What you return must match the records exactly.

Stored data entries:
··········
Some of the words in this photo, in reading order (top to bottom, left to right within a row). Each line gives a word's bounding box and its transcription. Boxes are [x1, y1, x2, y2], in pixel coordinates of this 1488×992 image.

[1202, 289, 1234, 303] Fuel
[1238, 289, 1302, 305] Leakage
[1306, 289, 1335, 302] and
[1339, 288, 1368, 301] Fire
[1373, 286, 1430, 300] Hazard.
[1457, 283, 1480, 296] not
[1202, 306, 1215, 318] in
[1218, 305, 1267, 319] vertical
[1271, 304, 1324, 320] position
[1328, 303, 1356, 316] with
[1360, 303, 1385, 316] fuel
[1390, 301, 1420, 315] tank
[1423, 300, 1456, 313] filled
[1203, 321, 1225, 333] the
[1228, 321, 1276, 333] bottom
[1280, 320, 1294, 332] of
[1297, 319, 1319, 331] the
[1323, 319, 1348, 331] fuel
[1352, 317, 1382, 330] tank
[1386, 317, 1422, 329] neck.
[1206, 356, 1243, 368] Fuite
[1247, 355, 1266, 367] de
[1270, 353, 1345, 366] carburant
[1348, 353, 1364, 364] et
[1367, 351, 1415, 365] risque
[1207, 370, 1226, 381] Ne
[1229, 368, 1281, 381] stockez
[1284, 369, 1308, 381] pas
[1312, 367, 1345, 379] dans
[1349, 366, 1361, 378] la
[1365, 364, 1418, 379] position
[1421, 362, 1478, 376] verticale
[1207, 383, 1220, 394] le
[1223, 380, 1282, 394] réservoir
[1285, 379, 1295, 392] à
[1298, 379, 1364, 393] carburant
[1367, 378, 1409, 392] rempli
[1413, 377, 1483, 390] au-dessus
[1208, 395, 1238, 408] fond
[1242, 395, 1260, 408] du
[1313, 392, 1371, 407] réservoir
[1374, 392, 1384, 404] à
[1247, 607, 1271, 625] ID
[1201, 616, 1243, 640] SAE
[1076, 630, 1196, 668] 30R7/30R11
··········
- Answer box
Some of the words in this photo, in reading order (top to bottom, left to right within a row). Each line gives a word's bounding box and its transcription. Boxes are [x1, y1, x2, y2], in pixel coordinates of this 1488×992 image.

[1202, 289, 1234, 303] Fuel
[1238, 289, 1302, 305] Leakage
[1306, 289, 1335, 302] and
[1339, 288, 1368, 301] Fire
[1373, 286, 1430, 300] Hazard.
[1457, 283, 1480, 296] not
[1202, 306, 1215, 318] in
[1218, 305, 1267, 319] vertical
[1271, 304, 1324, 320] position
[1328, 303, 1356, 316] with
[1360, 303, 1385, 316] fuel
[1390, 301, 1420, 315] tank
[1423, 300, 1456, 313] filled
[1203, 321, 1225, 333] the
[1228, 321, 1276, 333] bottom
[1280, 320, 1294, 332] of
[1297, 319, 1319, 331] the
[1323, 319, 1348, 331] fuel
[1352, 317, 1382, 330] tank
[1386, 317, 1422, 329] neck.
[1206, 356, 1243, 368] Fuite
[1247, 355, 1266, 367] de
[1270, 353, 1345, 366] carburant
[1348, 353, 1364, 364] et
[1367, 351, 1415, 365] risque
[1207, 370, 1226, 381] Ne
[1229, 368, 1281, 381] stockez
[1284, 369, 1308, 381] pas
[1312, 367, 1345, 379] dans
[1349, 366, 1361, 378] la
[1365, 364, 1418, 379] position
[1421, 362, 1478, 376] verticale
[1207, 383, 1220, 394] le
[1223, 380, 1282, 394] réservoir
[1285, 379, 1295, 392] à
[1298, 379, 1364, 393] carburant
[1367, 378, 1409, 392] rempli
[1413, 377, 1483, 390] au-dessus
[1208, 395, 1238, 408] fond
[1242, 395, 1260, 408] du
[1313, 392, 1371, 407] réservoir
[1374, 392, 1384, 404] à
[1247, 607, 1271, 625] ID
[1201, 616, 1243, 640] SAE
[1076, 630, 1196, 668] 30R7/30R11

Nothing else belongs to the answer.